Thursday, August 7, 2014

New Legislation Would Tackle Health Inequalities

Ben D'Avanzo

Special Projects Manager

Last week, Rep. Lucile Roybal-Allard, chairwoman of the Congressional Hispanic Caucus’s health task force, introduced the Health Equity and Accountability Act (HEAA) of 2014. This legislation is the latest effort by the Congressional Black Caucus, Congressional Hispanic Caucus, and Congressional Asian and Pacific Islander Caucus to enact a comprehensive plan to eliminate the health disparities that plague communities of color and other groups. In every legislative session since 2003, lawmakers have introduced similar bills seeking to improve health outcomes for minority groups. This legislation builds on the historic gains of the Affordable Care Act to address the disproportionate burden of chronic disease and life-threatening conditions facing people of color. 
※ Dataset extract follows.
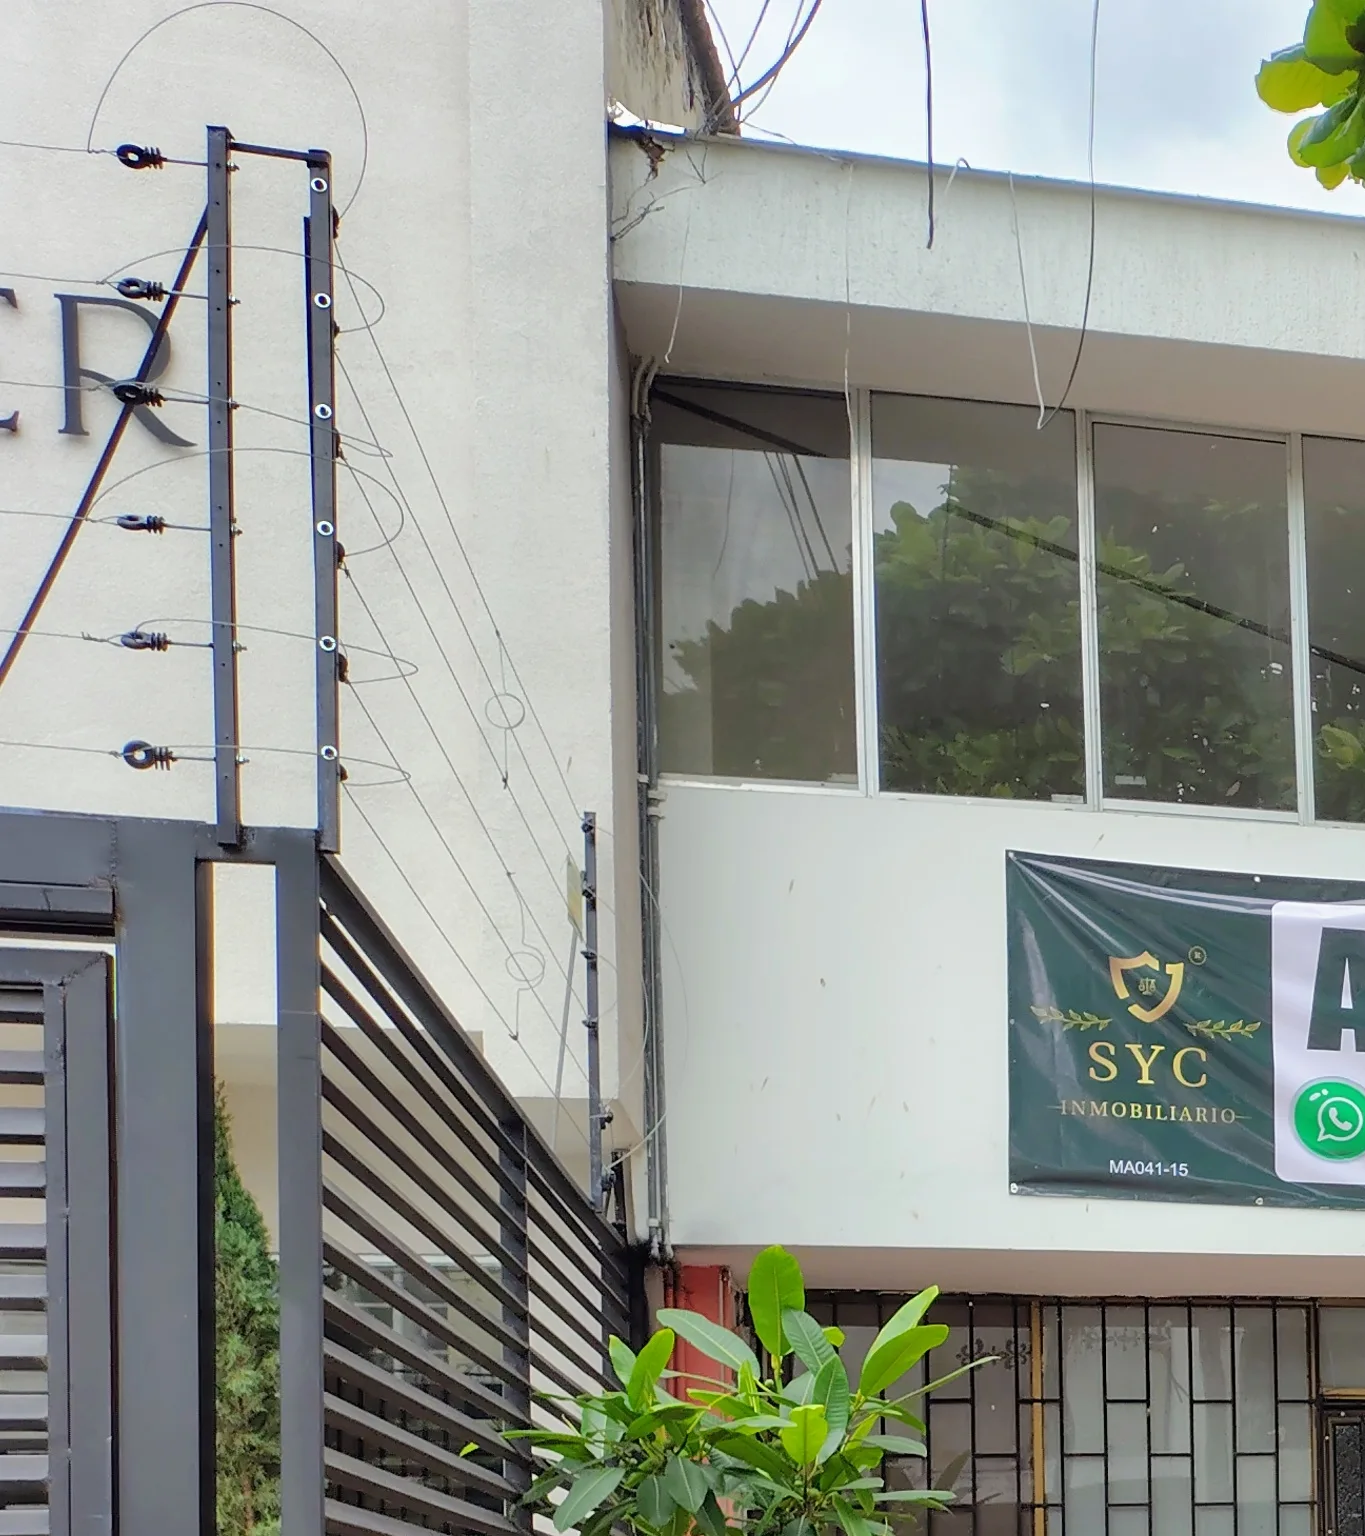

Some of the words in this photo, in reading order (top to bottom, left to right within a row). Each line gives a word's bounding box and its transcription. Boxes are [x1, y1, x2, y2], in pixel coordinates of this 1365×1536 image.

[0, 287, 198, 447] R
[1088, 1041, 1208, 1088] SYC
[1060, 1099, 1237, 1125] INMOBILIARIO
[1108, 1160, 1189, 1178] MA041-15
Addressing racial and ethnic health disparities is critical to the future of our nation and our health care system

Health disparities hurt all of us. A study by the Joint Center for Political and Economic Studies found that between 2003 and 2006, the cost of health inequities and premature death in the United States was $1.24 trillion dollars. That’s why it’s essential, as we become an increasingly diverse nation, to ensure that all Americans have equal access to quality health care.
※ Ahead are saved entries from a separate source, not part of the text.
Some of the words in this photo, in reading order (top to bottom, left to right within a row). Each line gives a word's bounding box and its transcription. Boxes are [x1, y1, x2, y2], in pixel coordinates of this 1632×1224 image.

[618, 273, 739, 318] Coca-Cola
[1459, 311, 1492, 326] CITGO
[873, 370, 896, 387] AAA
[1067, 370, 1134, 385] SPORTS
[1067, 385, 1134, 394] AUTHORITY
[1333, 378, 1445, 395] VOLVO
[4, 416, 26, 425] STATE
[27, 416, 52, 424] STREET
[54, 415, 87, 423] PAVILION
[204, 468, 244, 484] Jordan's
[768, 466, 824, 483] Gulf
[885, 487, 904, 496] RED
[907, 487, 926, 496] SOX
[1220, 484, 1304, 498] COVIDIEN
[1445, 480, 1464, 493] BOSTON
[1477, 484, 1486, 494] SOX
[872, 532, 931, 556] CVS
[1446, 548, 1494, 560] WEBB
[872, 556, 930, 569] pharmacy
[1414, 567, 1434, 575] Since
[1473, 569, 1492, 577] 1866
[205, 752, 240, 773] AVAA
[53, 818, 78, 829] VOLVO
The Health Equity and Accountability Act offers a solid plan to reduce racial and ethnic health disparities

This legislation proposes a broad array of strategies to address barriers to equal health opportunity for communities of color. Strategies include, but are not limited to: 

  • improving data collection
  • making health coverage more accessible
  • improving health systems
  • authorizing grants to fight diseases faced predominantly by minority communities
  • increasing and diversifying the health care work force
  • expanding access to rural health clinics

Provisions to increase health care access for immigrants and limited English speakers

The HEAA would eliminate the Medicaid ban on health coverage for immigrant adults. Currently, adult legal immigrants are subject to what amounts to a five-year waiting period before they can enroll in Medicaid. This action would follow in the footsteps of the Children’s Health Insurance Program Reauthorization Act (CHIPRA) which removed this barrier for legal immigrant children and pregnant women in 2009.

The bill also tackles the daunting barriers confronted by those with limited English proficiency (LEP). As the Kaiser Family Foundation reported, limited English speakers are less likely to seek preventive care even if they are insured and are more likely to report negative health care experiences. The HEAA sets standards for cultural and linguistic services in federal health programs, establishes grants to improve health care for populations with low health literacy, and adds essential language access to the services that providers in the Affordable Care Act Health Insurance Marketplaces must offer.

Eliminating racial and ethnic health disparities must be a national priority

Along with Families USA, nearly 350 national, state, and local organizations endorse the HEAA. Think of what Congress could achieve if our leaders committed to focusing on one of the most challenging and critical health issues facing our nation.

Call your representative to ask him or her to endorse the Health Equity and Accountability Act of 2014. By doing so, lawmakers will be taking an important step toward eliminating racial and ethnic health disparities and creating the equitable, high-quality health care system that our nation deserves.